Pictures do not belong in the copy. Return all of the entries exactly.

Image-backed grounding data:
────────────────────

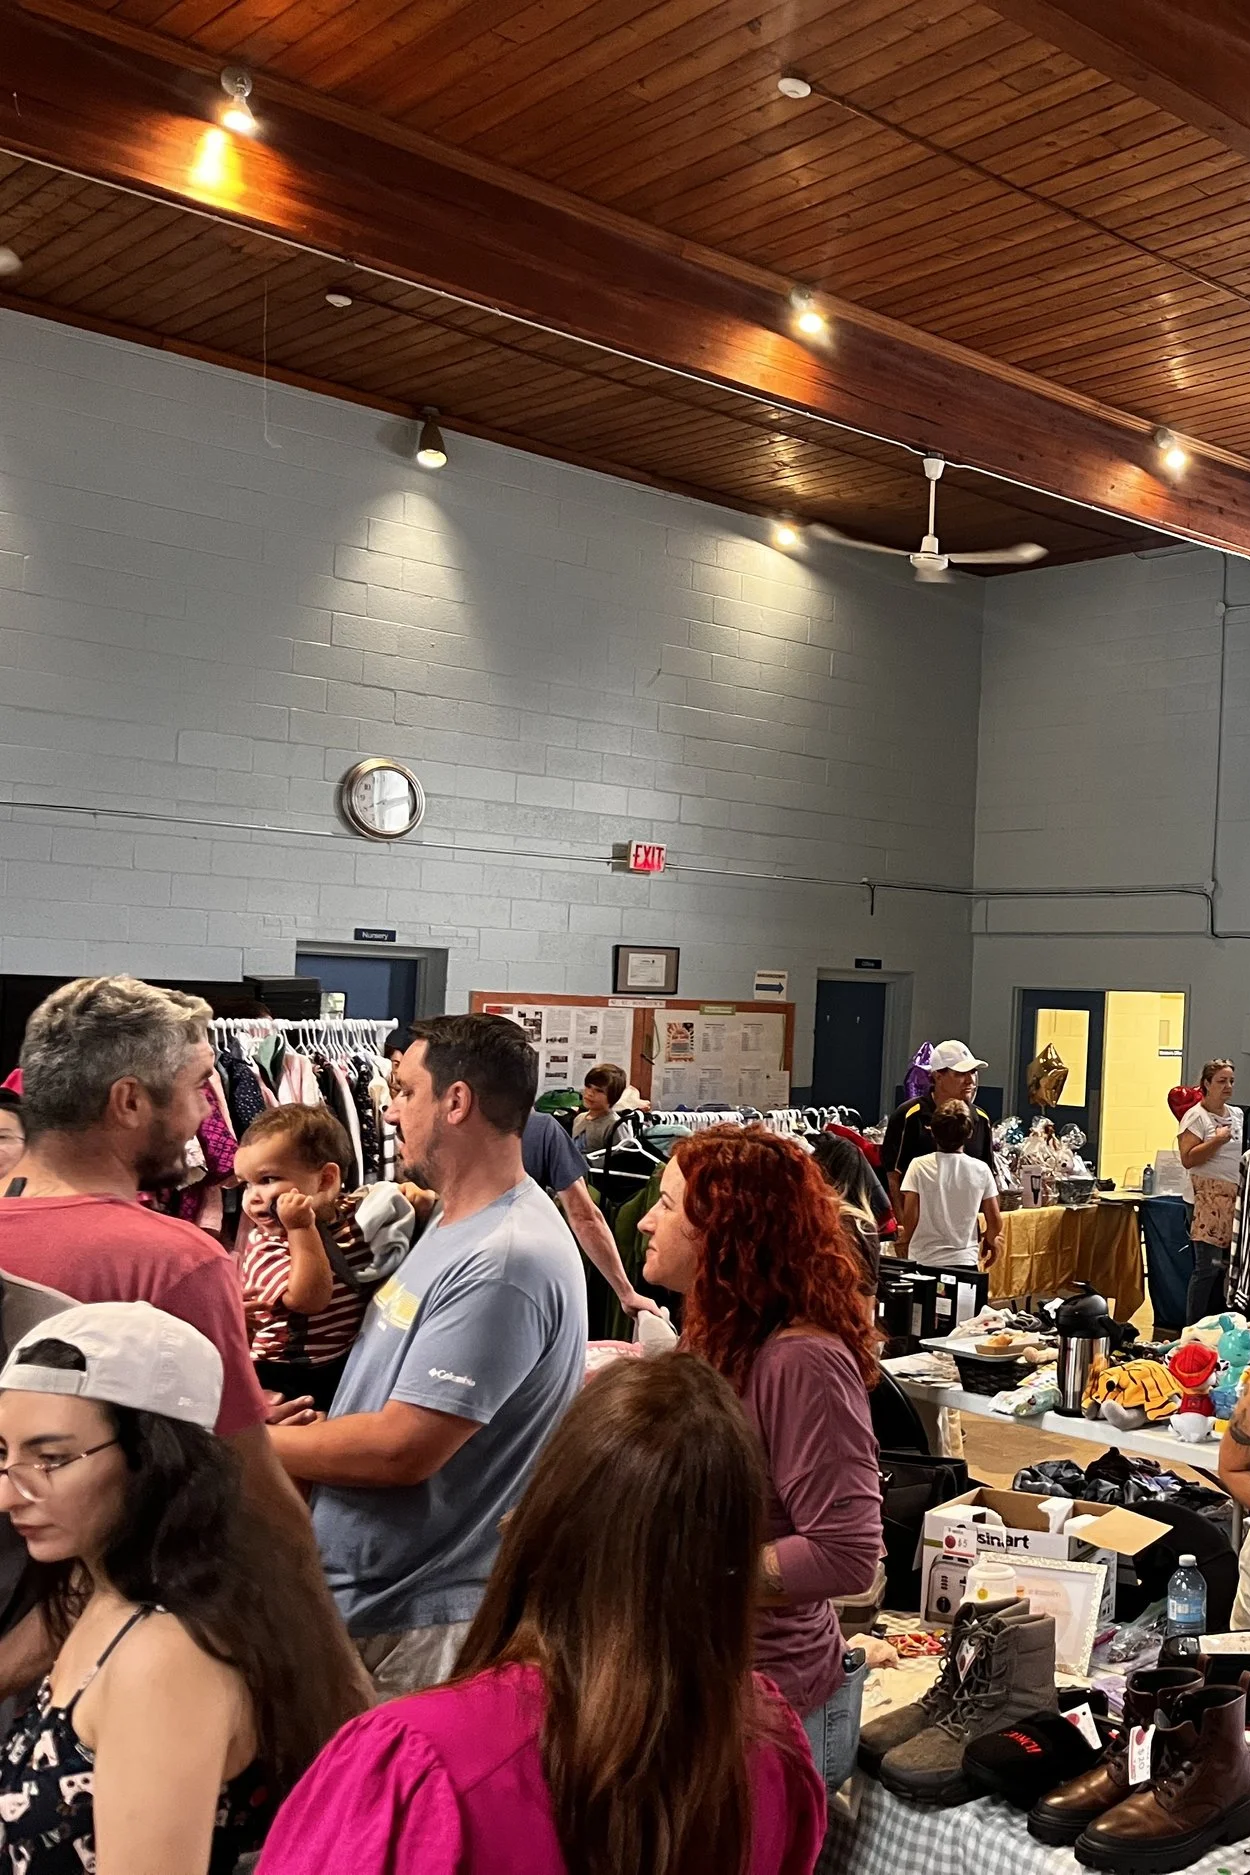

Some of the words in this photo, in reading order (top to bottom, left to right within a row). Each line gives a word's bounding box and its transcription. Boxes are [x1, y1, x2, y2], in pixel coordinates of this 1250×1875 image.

[633, 844, 664, 870] EXIT
[361, 931, 389, 941] Nursery
[437, 1369, 476, 1387] Columbia
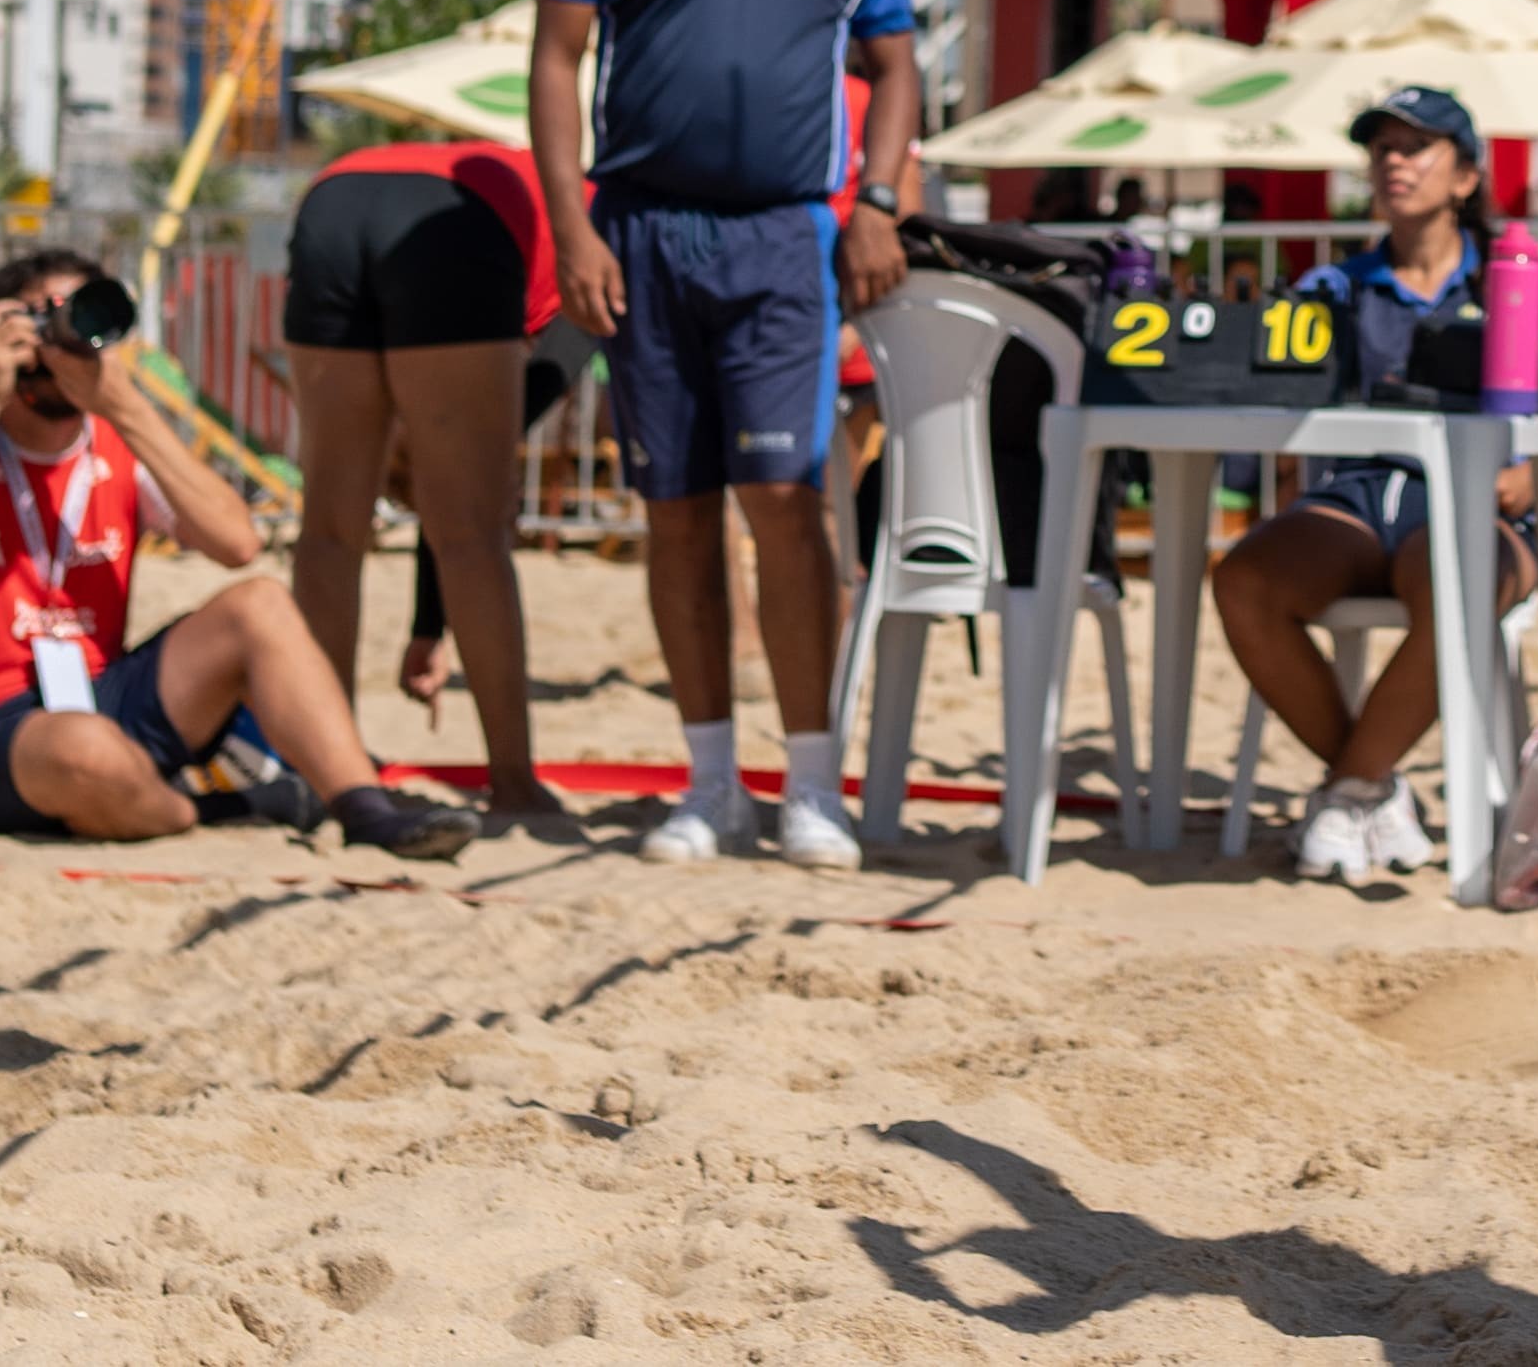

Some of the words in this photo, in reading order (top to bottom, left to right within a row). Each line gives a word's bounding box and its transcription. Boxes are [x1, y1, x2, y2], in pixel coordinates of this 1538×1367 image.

────────────────────

#### [Answer to the exercise]
Some of the words in this photo, in reading order (top to bottom, left to right within a row). Each line gives a word's bounding box and its transcription. Boxes are [x1, y1, x2, y2], in pixel coordinates of this 1250×1875 image.

[633, 844, 664, 870] EXIT
[361, 931, 389, 941] Nursery
[437, 1369, 476, 1387] Columbia

Some of the words in this photo, in reading order (top to bottom, left to right within a row). Each line gives a word's bounding box and its transcription. Boxes are [x1, y1, x2, y2], in pixel coordinates of this 1538×1367 image.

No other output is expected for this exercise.